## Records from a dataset

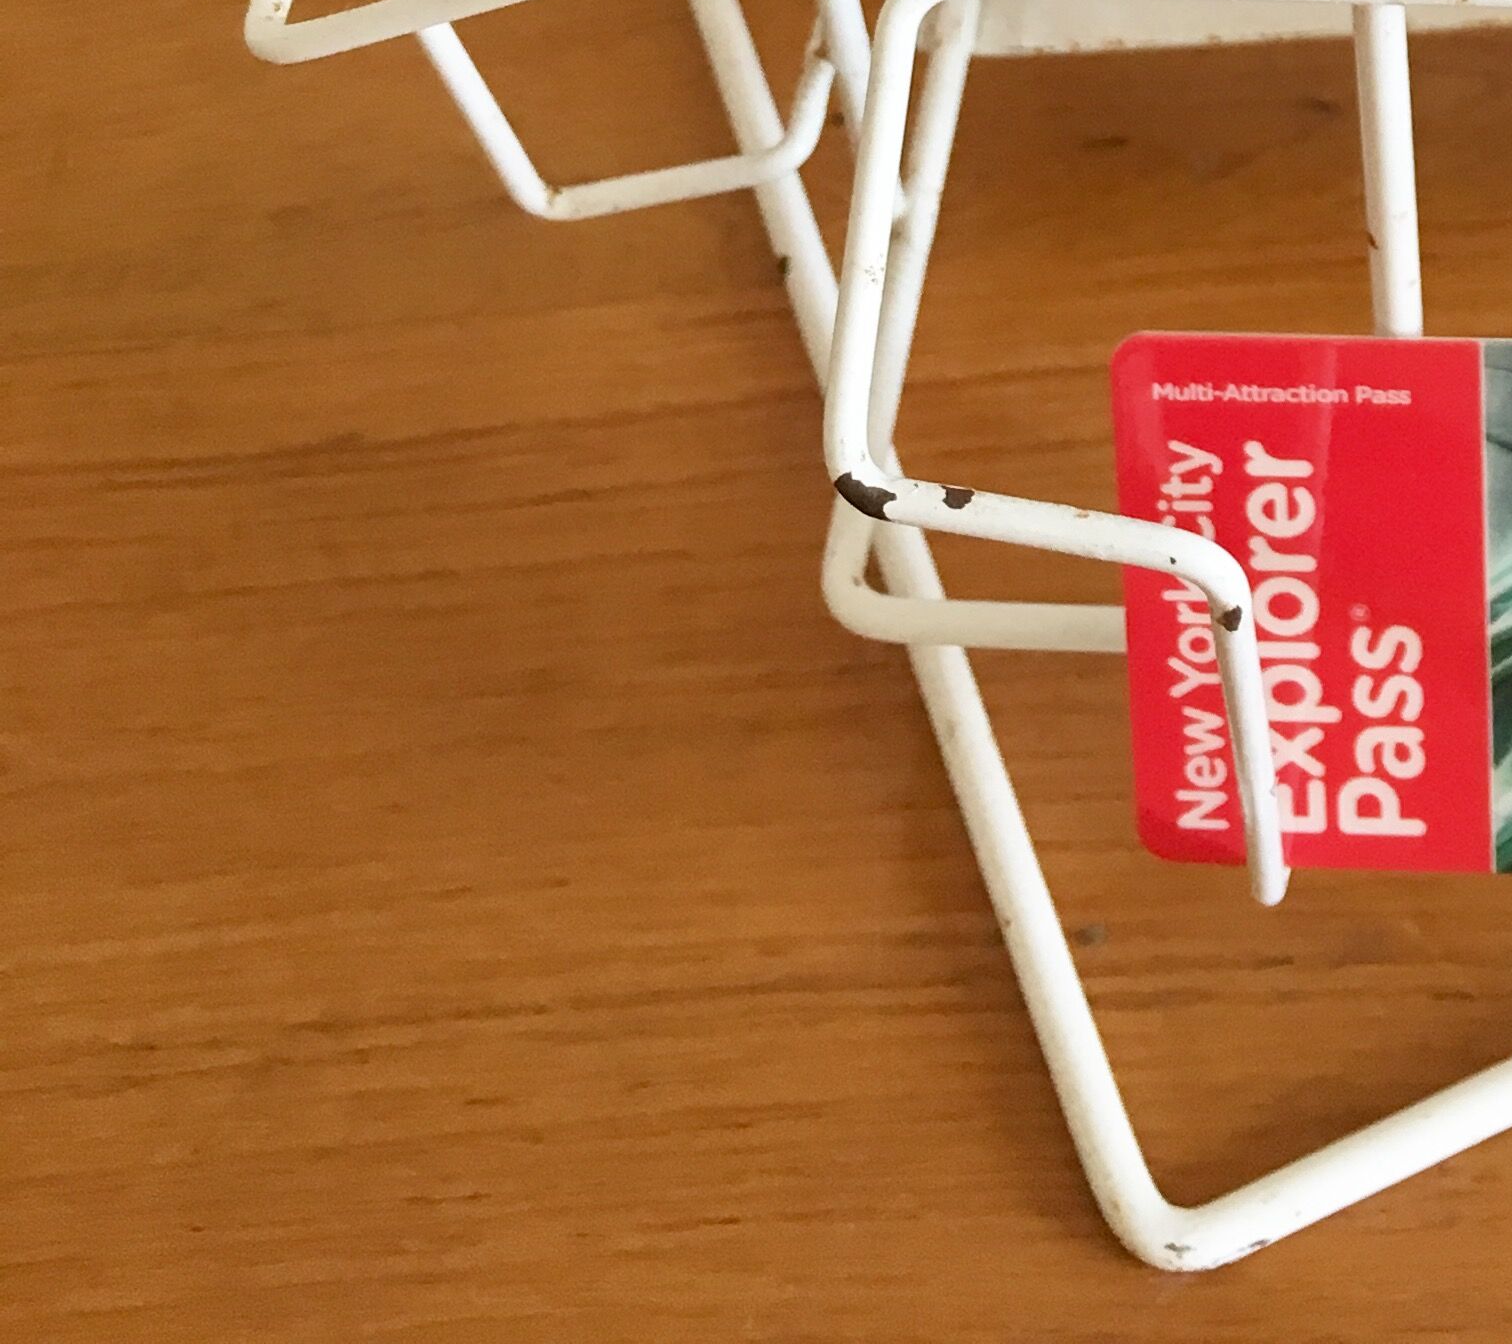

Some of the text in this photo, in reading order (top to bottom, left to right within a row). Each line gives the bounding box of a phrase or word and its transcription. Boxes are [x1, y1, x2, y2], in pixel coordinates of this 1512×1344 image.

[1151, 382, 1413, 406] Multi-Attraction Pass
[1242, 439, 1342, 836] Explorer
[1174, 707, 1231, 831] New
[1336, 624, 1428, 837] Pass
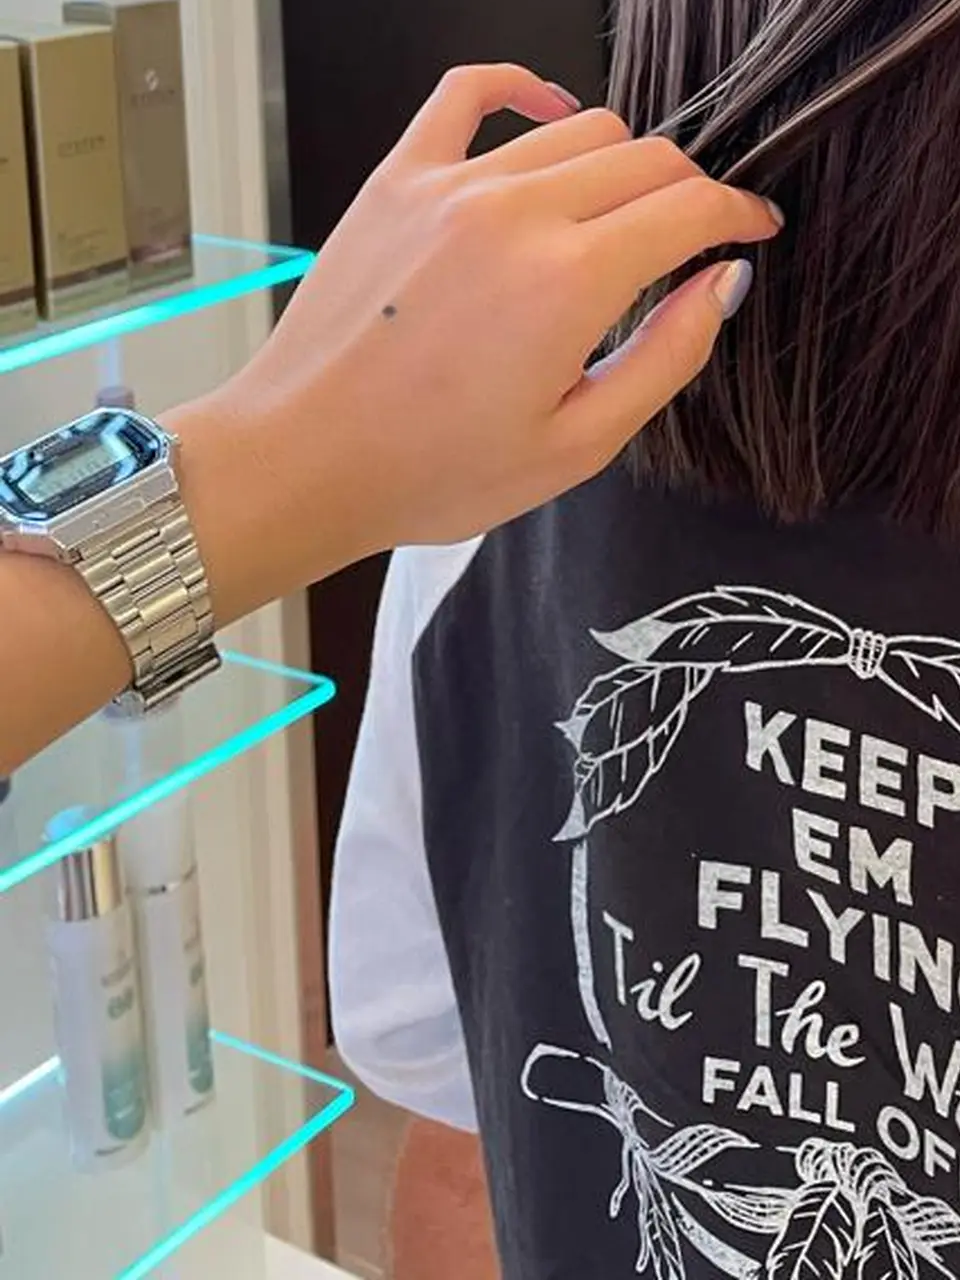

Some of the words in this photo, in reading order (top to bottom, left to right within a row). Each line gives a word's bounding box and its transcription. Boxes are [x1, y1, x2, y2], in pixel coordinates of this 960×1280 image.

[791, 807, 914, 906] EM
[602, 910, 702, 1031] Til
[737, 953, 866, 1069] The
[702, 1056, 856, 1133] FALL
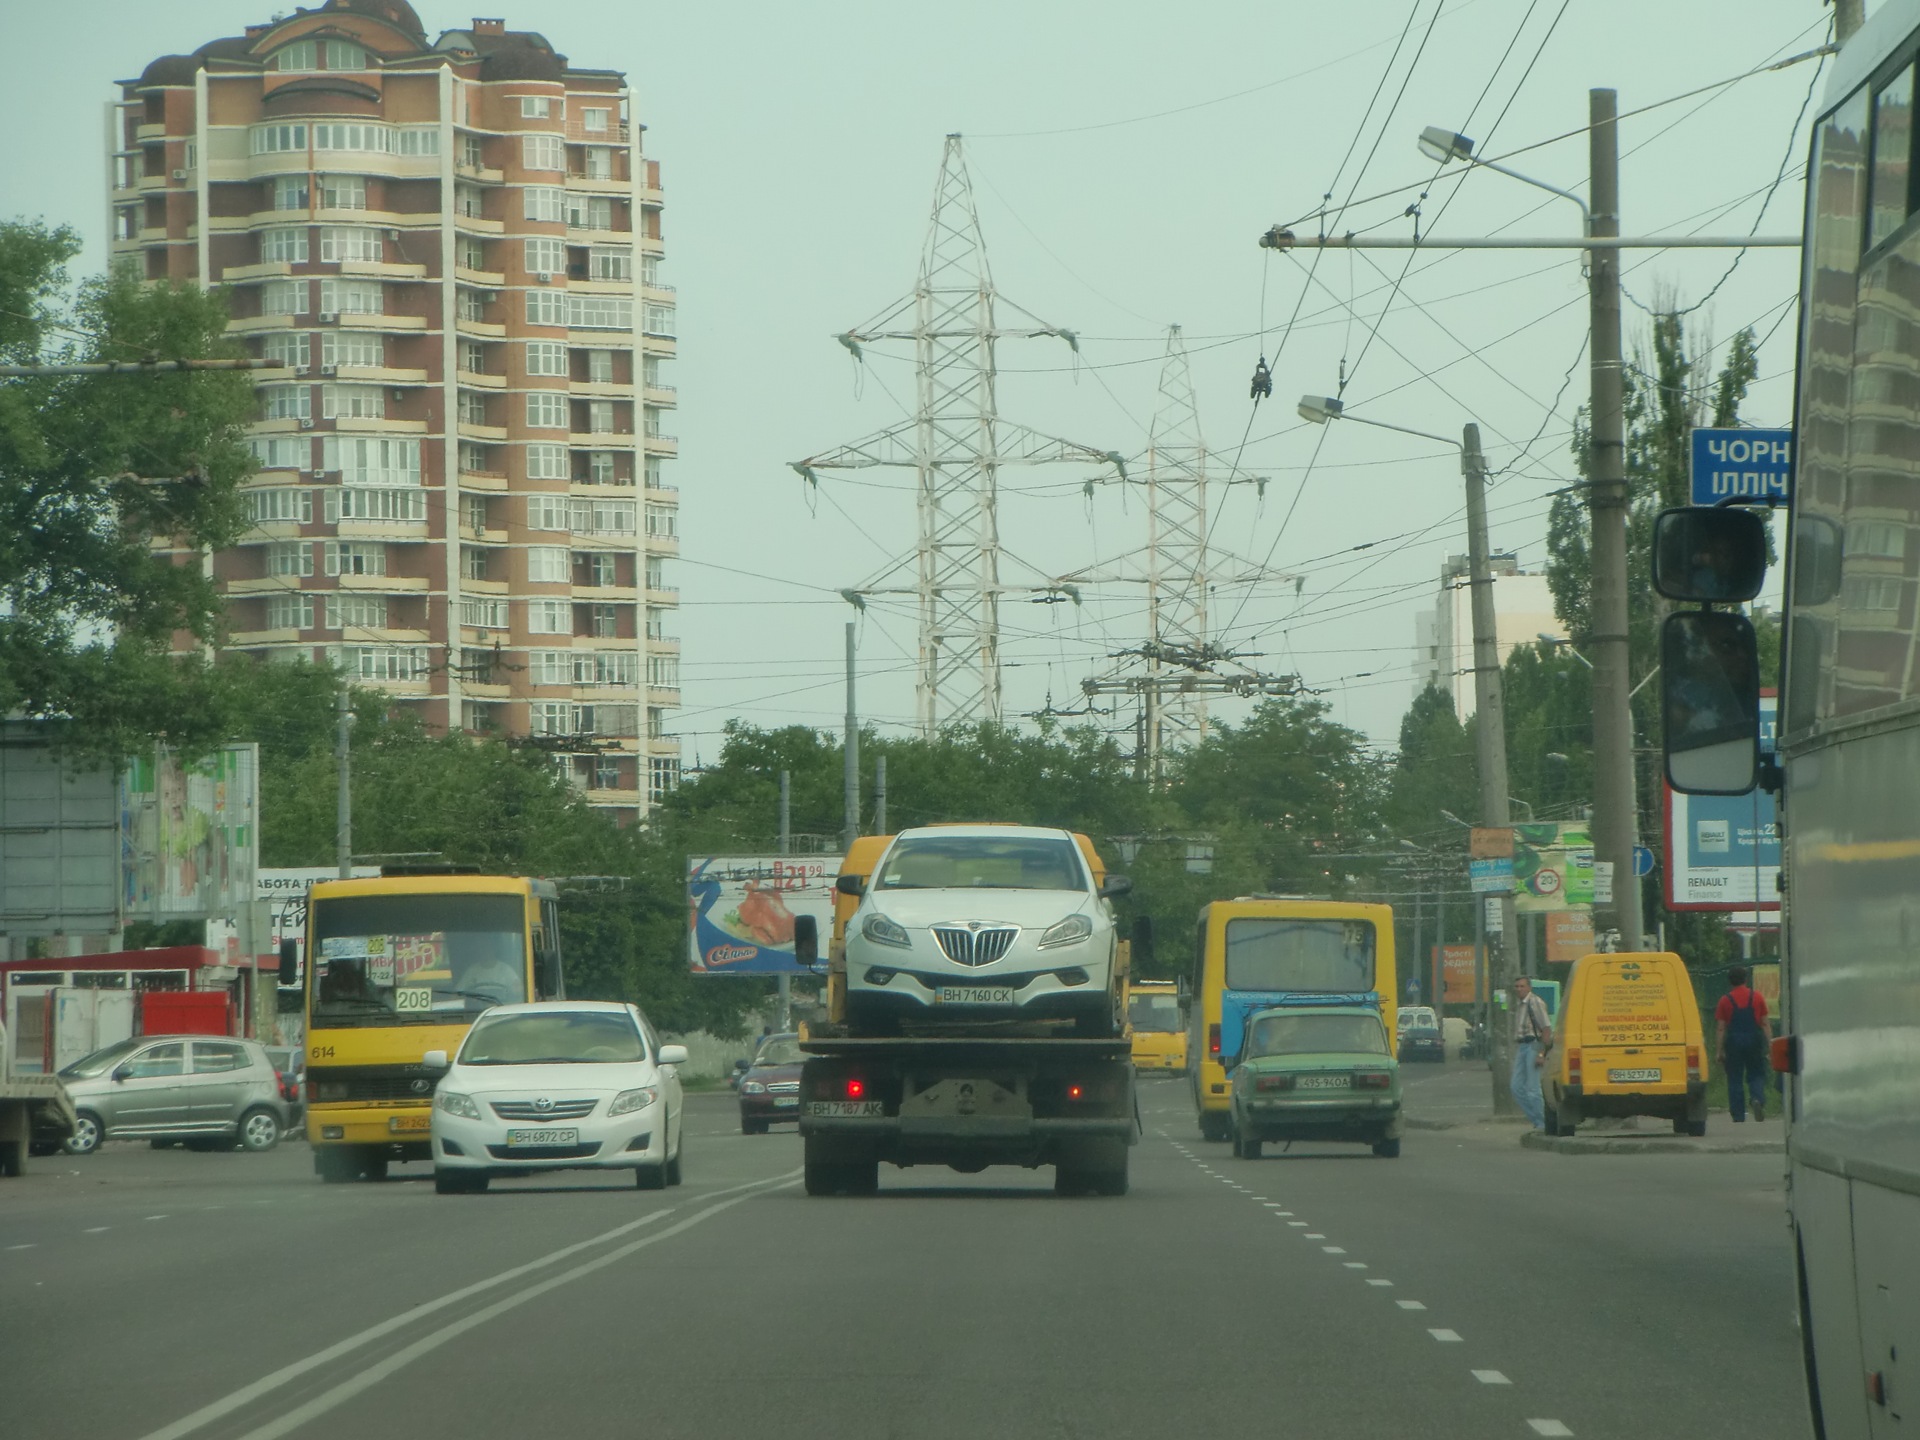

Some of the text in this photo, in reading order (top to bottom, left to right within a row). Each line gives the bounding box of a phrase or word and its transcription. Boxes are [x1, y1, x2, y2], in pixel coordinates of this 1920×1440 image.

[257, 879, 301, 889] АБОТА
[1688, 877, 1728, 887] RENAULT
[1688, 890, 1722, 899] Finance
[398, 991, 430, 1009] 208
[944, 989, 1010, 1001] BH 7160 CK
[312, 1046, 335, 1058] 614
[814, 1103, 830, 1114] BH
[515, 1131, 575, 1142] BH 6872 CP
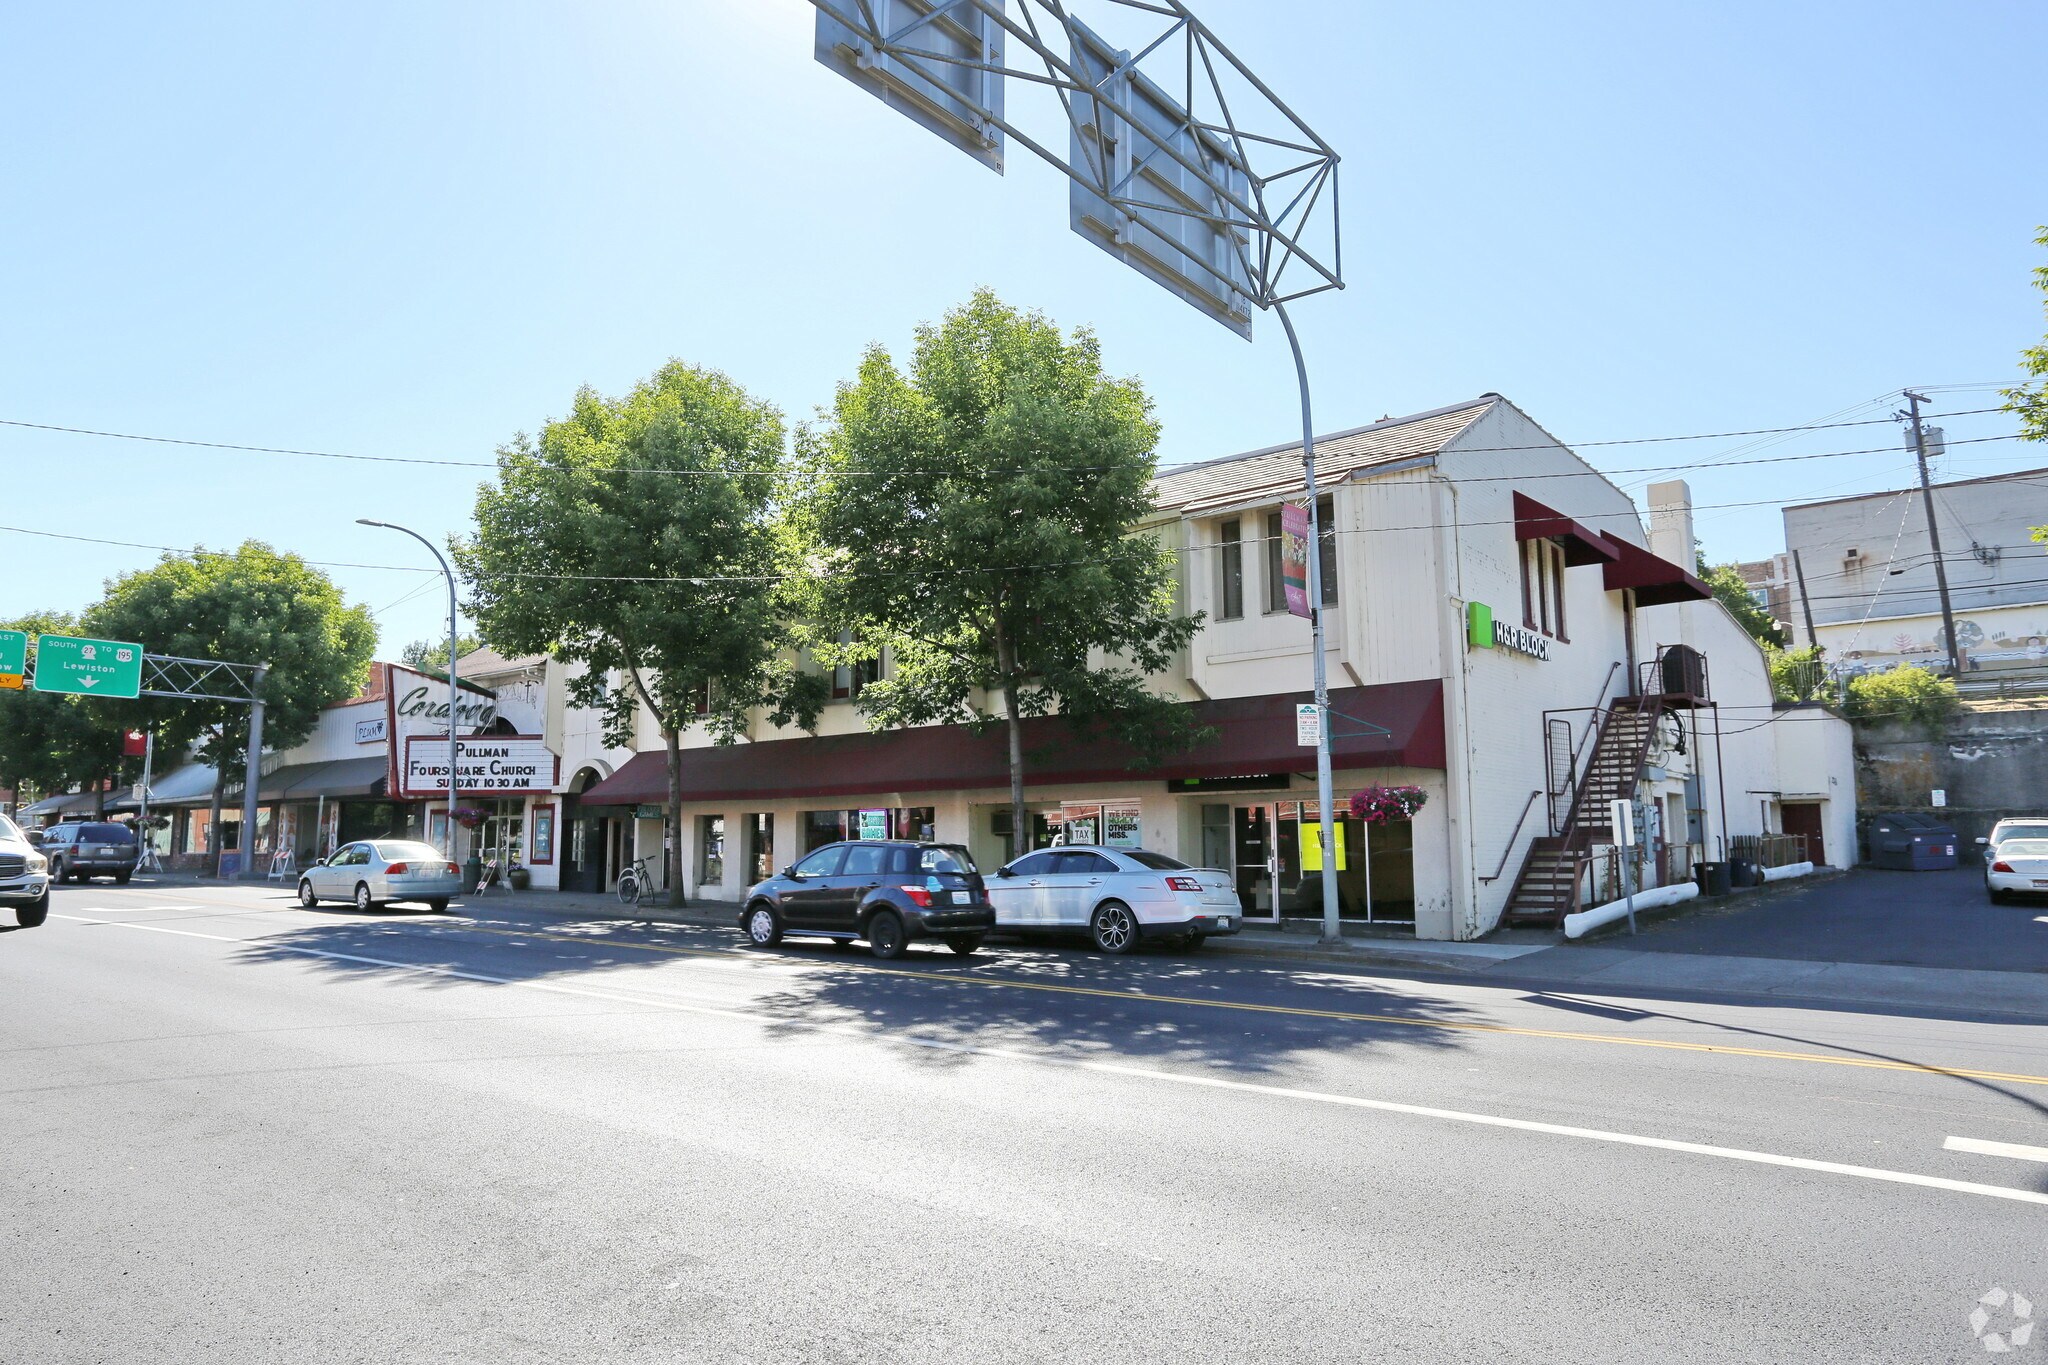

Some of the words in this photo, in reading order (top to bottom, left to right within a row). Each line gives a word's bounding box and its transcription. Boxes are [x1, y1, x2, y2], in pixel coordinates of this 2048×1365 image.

## Required work
When you reproduce the entries above, keep every word exact and leave the images out.

## Written solution
Some of the text in this photo, in reading order (top to bottom, left to right within a row). Each line gives the bounding box of a phrase or word and its transcription. Boxes are [x1, y1, x2, y2], in pixel coordinates of this 1512×1344 image.

[1151, 382, 1413, 406] Multi-Attraction Pass
[1242, 439, 1342, 836] Explorer
[1174, 707, 1231, 831] New
[1336, 624, 1428, 837] Pass

Some of the words in this photo, in reading order (top to bottom, left to right within a row). Each line gives a word's bounding box and its transcription. Boxes are [x1, y1, x2, y2], in pixel coordinates of this 960×1280 image.

[791, 807, 914, 906] EM
[602, 910, 702, 1031] Til
[737, 953, 866, 1069] The
[702, 1056, 856, 1133] FALL

Some of the text in this photo, in reading order (top to bottom, left to right within a row). Each line gives the bounding box of a phrase or word and its transcription. Boxes are [x1, y1, x2, y2], in pixel coordinates of this 1920×1440 image.

[257, 879, 301, 889] АБОТА
[1688, 877, 1728, 887] RENAULT
[1688, 890, 1722, 899] Finance
[398, 991, 430, 1009] 208
[944, 989, 1010, 1001] BH 7160 CK
[312, 1046, 335, 1058] 614
[814, 1103, 830, 1114] BH
[515, 1131, 575, 1142] BH 6872 CP

Some of the words in this photo, in reading order (top to bottom, left to right within a row). Each line gives a word's bounding box and its transcription. Boxes are [x1, y1, x2, y2], in pixel coordinates of this 2048×1365 image.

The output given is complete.